The Inspection Paradox accounts for
- train companies losing money on empty trains while passengers complain about how their train is always full
- call centers always experiencing higher than normal call volumes
- why you always wait longer for the train
- why your friends have more friends than you

## Example - determining average family size

A reasonable approach would be to ask the question "How many children does your mother have?"

There are two problems here
- families with no children are not represented
- families with many children are over-represented

Families of $x$ children are over-represented by a factor of $x$!

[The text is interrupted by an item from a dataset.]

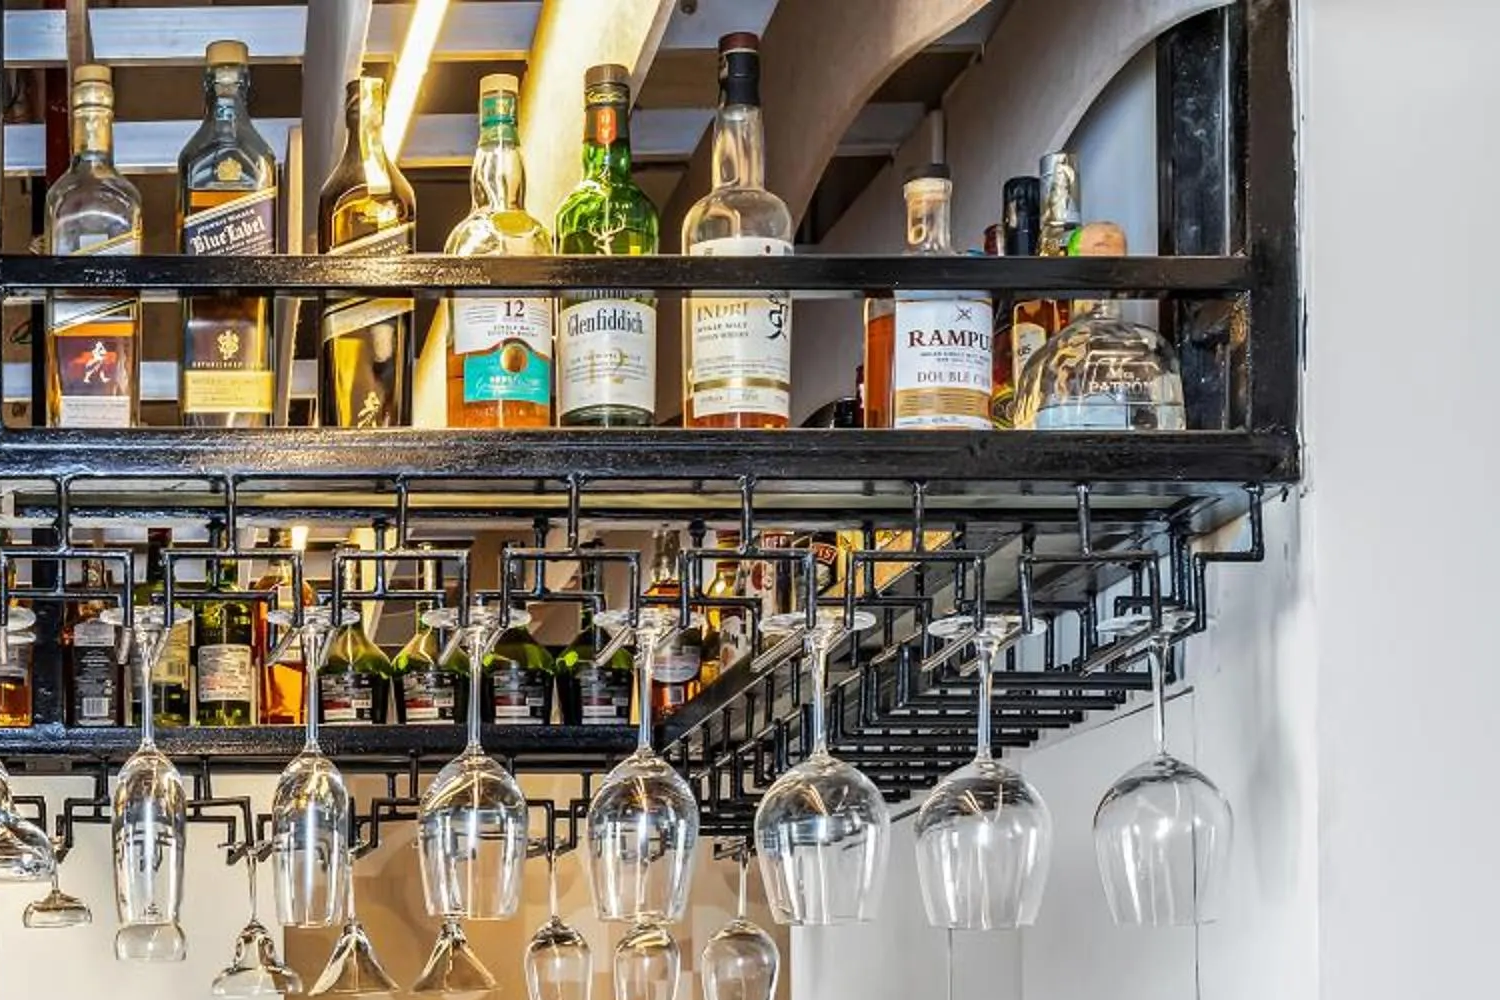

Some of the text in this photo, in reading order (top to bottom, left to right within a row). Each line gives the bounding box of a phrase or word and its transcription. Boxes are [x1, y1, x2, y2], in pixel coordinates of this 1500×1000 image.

[190, 232, 228, 255] Blue
[227, 215, 266, 243] Label
[503, 299, 526, 317] 12
[567, 307, 644, 337] Glenfiddich

We can show this using a simple dataset:

In [None]:
from collections import namedtuple

Person = namedtuple('person', ['name', 'family', 'family_size'])

data = pd.DataFrame([
    Person('eve', 'zero', 1),
    
    Person('adam', 'one', 2),
    Person('rebecca', 'one', 2),
    
    Person('jane', 'two', 3),
    Person('james', 'two', 3),
    Person('john', 'two', 3),
    
    Person('bob', 'three', 3),
    Person('bella', 'three', 3),
    Person('Bianca', 'three', 3),
])

data

What is the size of the average family?

In [None]:
(1 + 2 + 3 + 3) / 4

In [None]:
data.loc[:, 'family_size'].mean()

In [None]:
data.groupby('family').mean().mean()

## Length biased sampling

Sampling processes where the population is sampled in proportion to size, duration, length etc

Probability of sampling depends on size
- this means the probability of sampling is not independent
- -> biased sampling!

The Inspection Paradox is the effect of small changes in sampling giving different results

The degree of oversampling is proportional to the class size

## Example - class sizes

Ask teachers how big there classes are - 31

Ask students how big there classes are - 56

Both are correct!
- they measure different things
- they are reporting averages over different populations
- one describes the teachers experience, the other the students

In [None]:
unbiased_sample = data.groupby('family').mean()

unbiased_sample

In [None]:
def resample_weighted(sample, weights):
    sample = np.array(sample).reshape(-1)
    weights = np.array(weights).reshape(-1)
    
    prob = weights / np.sum(weights)
    return np.random.choice(sample, len(sample), p=prob)

In [None]:
# min 8:44
np.mean(resample_weighted(unbiased_sample.values, unbiased_sample.values))

In [None]:
np.mean(resample_weighted(unbiased_sample.values, np.full_like(unbiased_sample.values.astype(float), 1/len(unbiased_sample.values)).astype(float)))

# Exercise

It is possible to use a biased sample to resample the unbiased
- use the inverse weights

##  Takeaway 

If the class size is x, it will be overrepresented by a factor of x!